Nonylphenolethoxylates as malarial chloroquine resistance reversal agents.

Abstract

Malaria-associated morbidity and mortality are increasing because of widespread resistance to one of the safest and least expensive antimalarials, chloroquine. The availability of an inexpensive agent that is capable of reversing chloroquine resistance would have a major impact on malaria treatment worldwide. The interaction of nonylphenolethoxylates (NPEs, commercially available synthetic surfactants) with drug-resistant Plasmodium falciparum was examined to determine if NPEs inhibited the growth of the parasites and if NPEs could sensitize resistant parasites to chloroquine.
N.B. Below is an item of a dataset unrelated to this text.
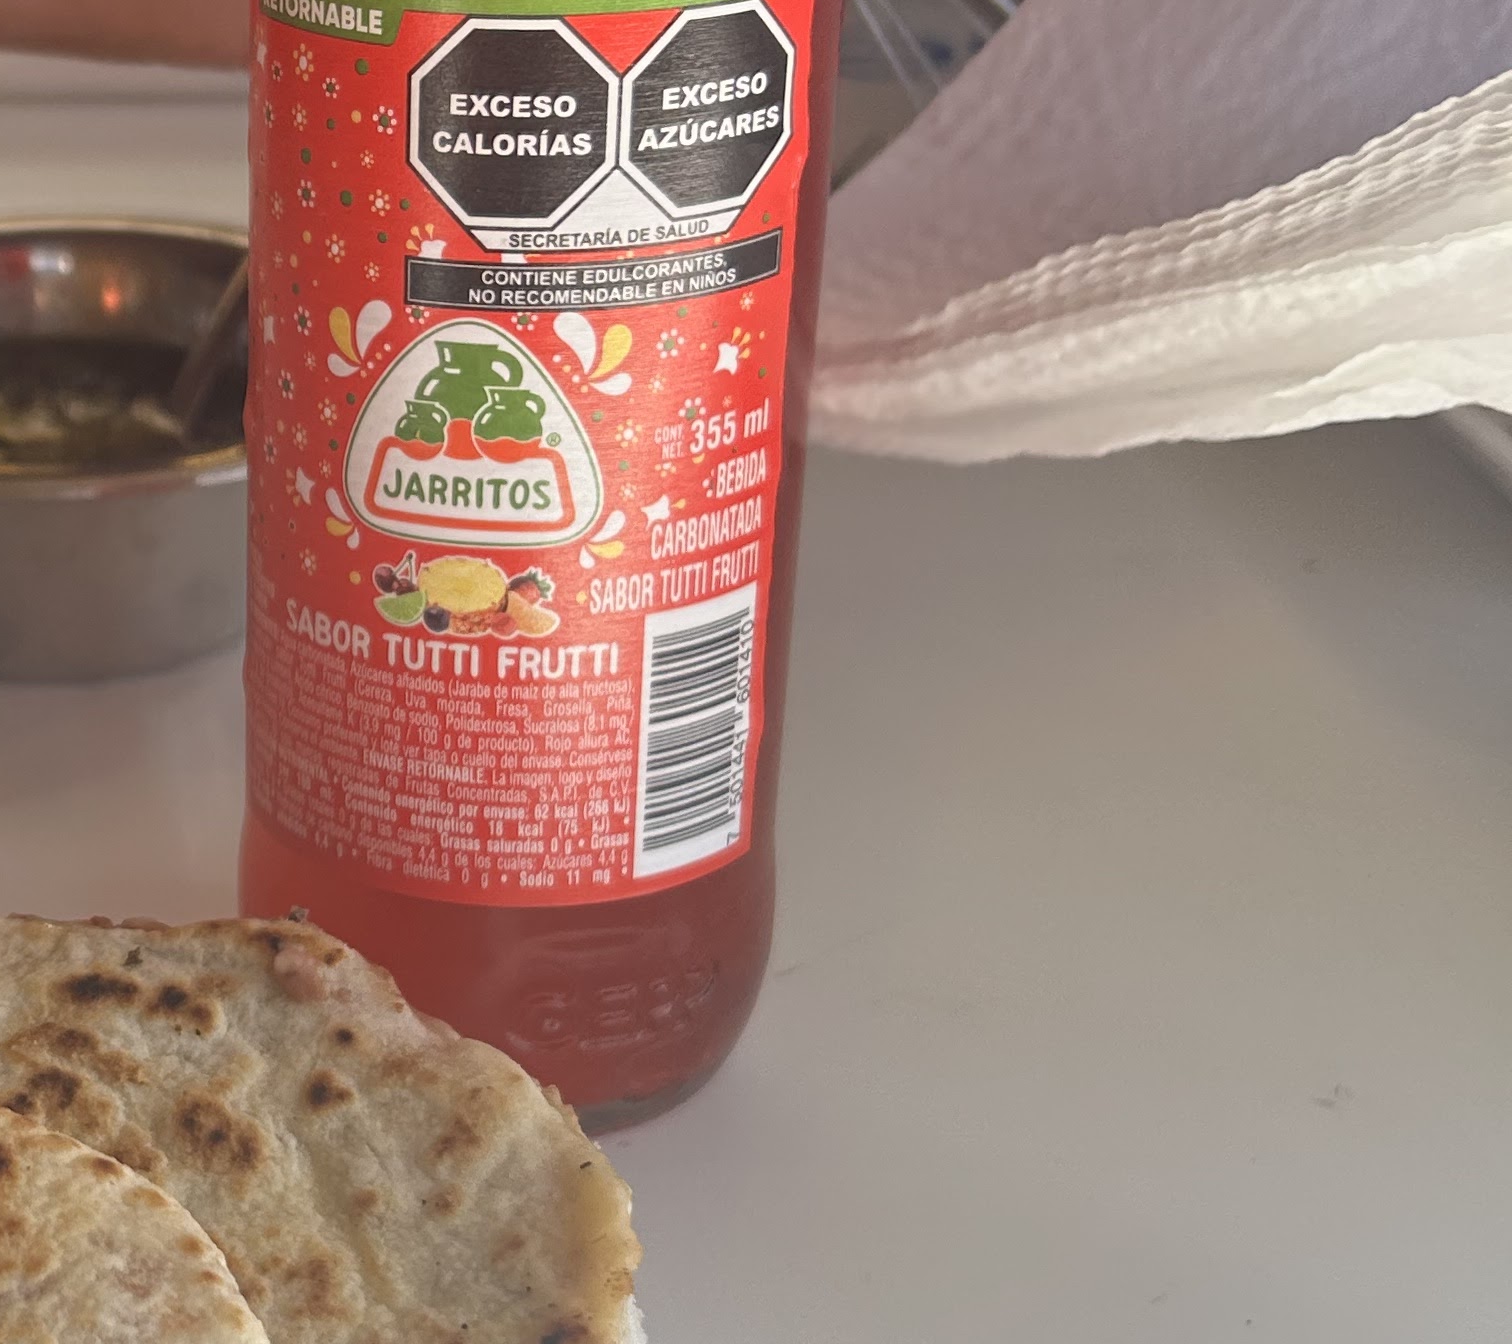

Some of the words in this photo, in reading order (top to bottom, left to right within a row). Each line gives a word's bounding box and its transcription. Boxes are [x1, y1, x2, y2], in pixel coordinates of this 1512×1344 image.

NPEs inhibited the development of the parasite when present in the low- to mid-micromolar range (5 to 90 microM), indicating that they possess antimalarial activity. Further, the presence of <10 microM concentrations of NPEs caused the 50% inhibitory concentrations for chloroquine-resistant lines to drop to levels (< or =12 nM) observed for sensitive lines and generally considered to be achievable with treatment courses of chloroquine. Long-chain (>30 ethoxylate units) NPEs were found to be most active in P. falciparum, which contrasts with previously observed maximal activity of short-chain ( approximately 9 ethoxylate units) NPEs in multidrug-resistant mammalian cell lines. NPEs may be attractive chloroquine resistance reversal agents since they are inexpensive and may be selectively directed against P. falciparum without inhibiting mammalian tissue P glycoproteins. Antimalarial preparations that include these agents may prolong the effective life span of chloroquine and other antimalarials.